I felt guilty. I felt so bad for feeling so good. I’d feel horrible for the two hours or so I’d have with HIM feeling amazing. He made me smile and laugh and talk and listen and encourage me. I lost weight, I went to the gym, I felt GOOD! And I felt bad for feeling that way.
I felt nervous. I was so afraid that I was going to lose him or his wife would find out or my sister in law would see me or whatever. My mom would be so disappointed. She believed my husband would get better if we all loved him and stood by him. She would be so hurt to know I’d given up on my husband. And hurting her would kill me. I was worried for my kids nervous that they’d see my happiness and think that it was because daddy was gone. That wasn’t it at all. It was that for the first time in a very long time I felt needed, wanted, loved and adored.
I felt torn. Torn between whats right and what made me happy. I felt torn between responsibility and desire. I felt torn between being a good friend, (to his wife) and a lover to him.
I felt like a piece of shit. I started my friendship in the beginning (I won’t lie) to be closer to him. To get to see him more. If we (her and I) hung out, I’d see him. Even if it was just as ‘her friend’. Thing is in REAL life, (not that this isn’t real) but in a real situation I am a really good friend. I started to really like her. She was a great friend to me and a good mom. She was a horrible wife, (and I’m not saying that because of him) I’m saying that because I saw it, heard it and witnessed it myself. But his actions, my actions, our actions really hurt her. I was a horrible friend to her.
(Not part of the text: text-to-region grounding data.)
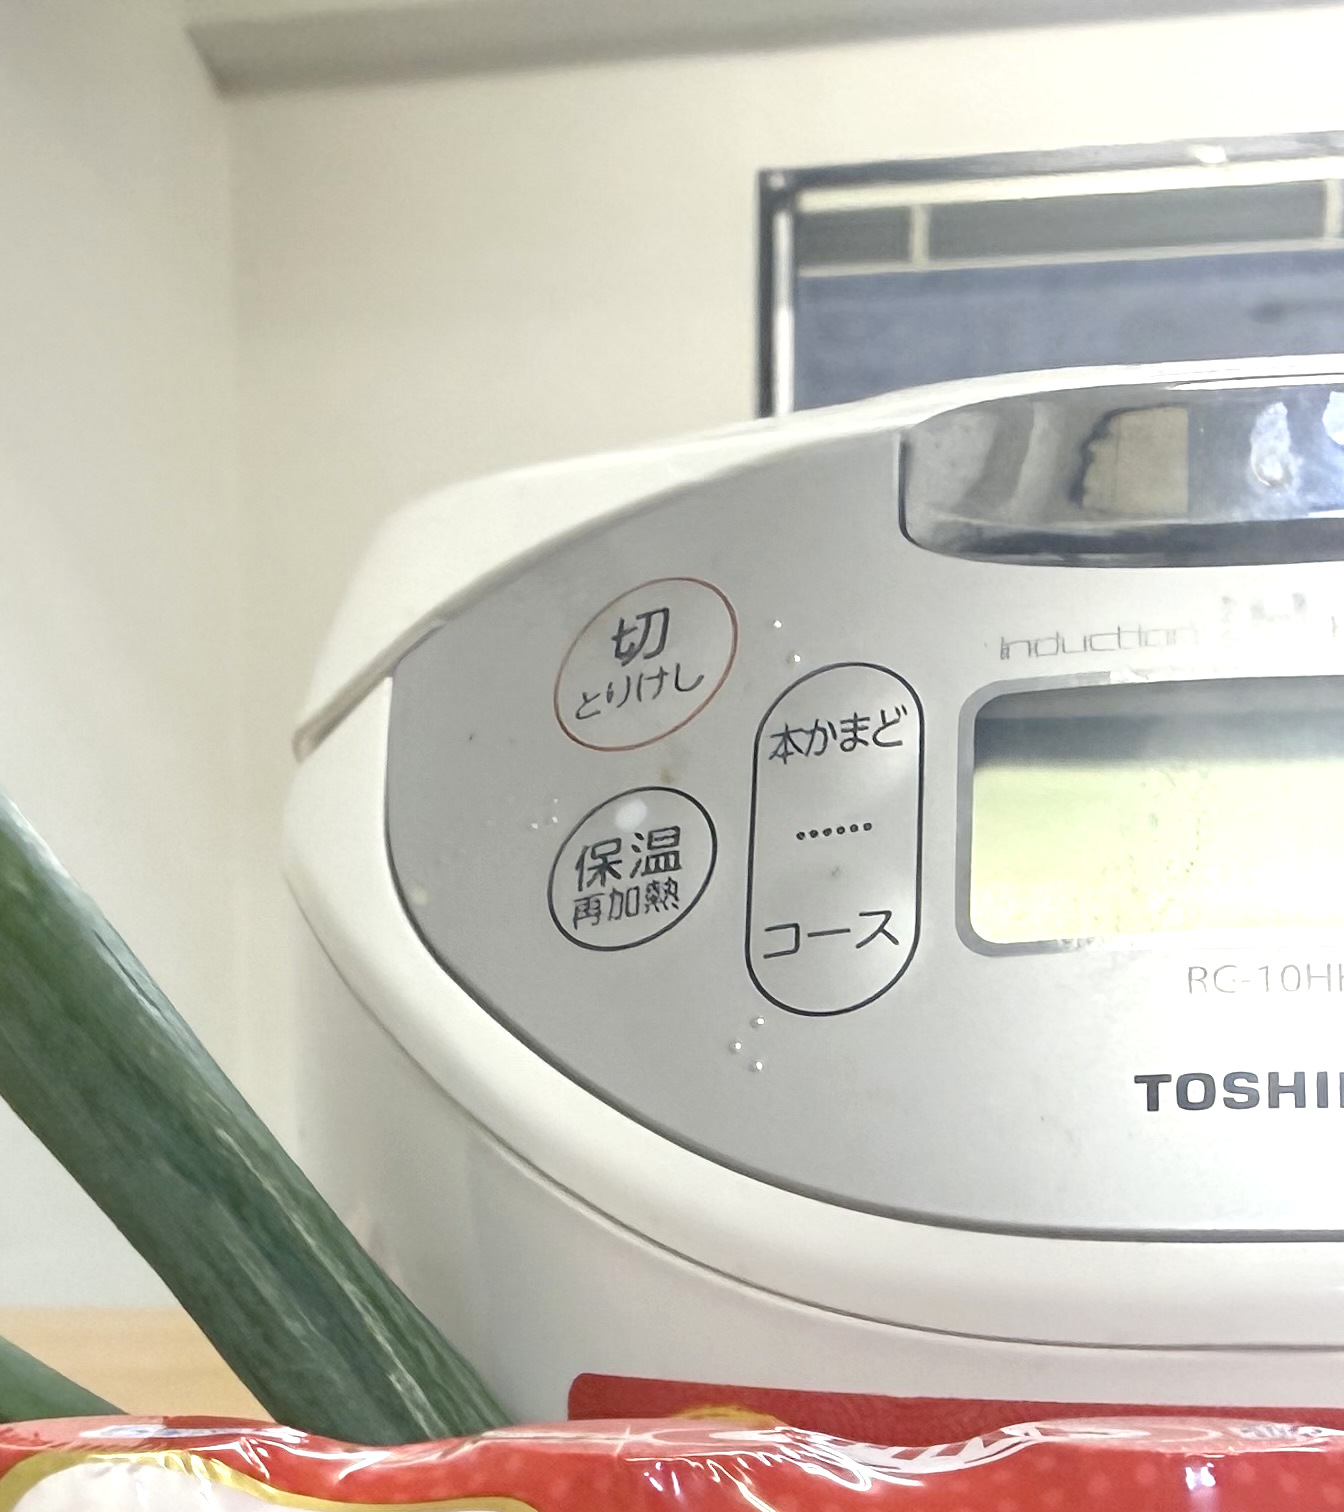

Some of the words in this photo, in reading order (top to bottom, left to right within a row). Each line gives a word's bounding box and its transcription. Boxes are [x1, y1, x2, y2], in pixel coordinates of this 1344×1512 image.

[612, 607, 669, 666] 切
[576, 664, 704, 720] とりけし
[768, 705, 908, 764] 本かまど
[575, 826, 682, 891] 保温
[573, 878, 680, 926] 再加熱
[764, 910, 899, 959] コース
I felt happy. I was so happy. I was on cloud nine. He was my first and last thought every day. He’d send me a message saying good morning and tell me good night. He’d think of the most creative romantic things to say to me and do for me. He came over on his lunch hour. He complemented my outfits, my hair, my opinions. He held my attention, made me laugh. Made everything around me disappear. And never made it look like any effort. He said he was happy. He said he hadn’t been happy in a long time. He made me feel so important to him.
I felt confident. Because he never hurt me or put me down.
I felt beautiful. Because I was told that I was.
I felt desired. Because I could arouse him with only a kiss or even better a look.
I felt needed. By someone other than my children.
I felt every emotion you could possibly feel all at the same time.
I felt like my best friend in life died suddenly without any warning at all when it was all over. When his wife found out. When his wife posted on my facebook that I was a whore who’d been with her husband for all 300 of my friends and family to see. I felt like you’d cut off my body and left my head to think about what I’d done. Suddenly OUR actions felt like mine. That lead to several months of being severely depressed. Ashamed. Lonely. Yet having to act like nothing had happened because no one knew. I’d caught and deleted her facebook message before anyone had seen it. The only person she got to before I could block her was my son. My 15 year old (at the time son). My son with my first husband. And his response was so grown up. I blocked her and he said, “Mom, its okay. He made you happy, he was a really cool guy. I really liked his family. If you guys didn’t do anything its fine but if you did its ____________’s (my sons step dads) and ____________’s (my affair partners wife’s) fault for not loving both of you the right way. What a grown up LOGICAL response from a teenager. But that is how my son has always been. Wise and mature beyond his years.
I felt proud. That I had raised a good kid to see situations the way they were and to know both sides before you decided on your feelings.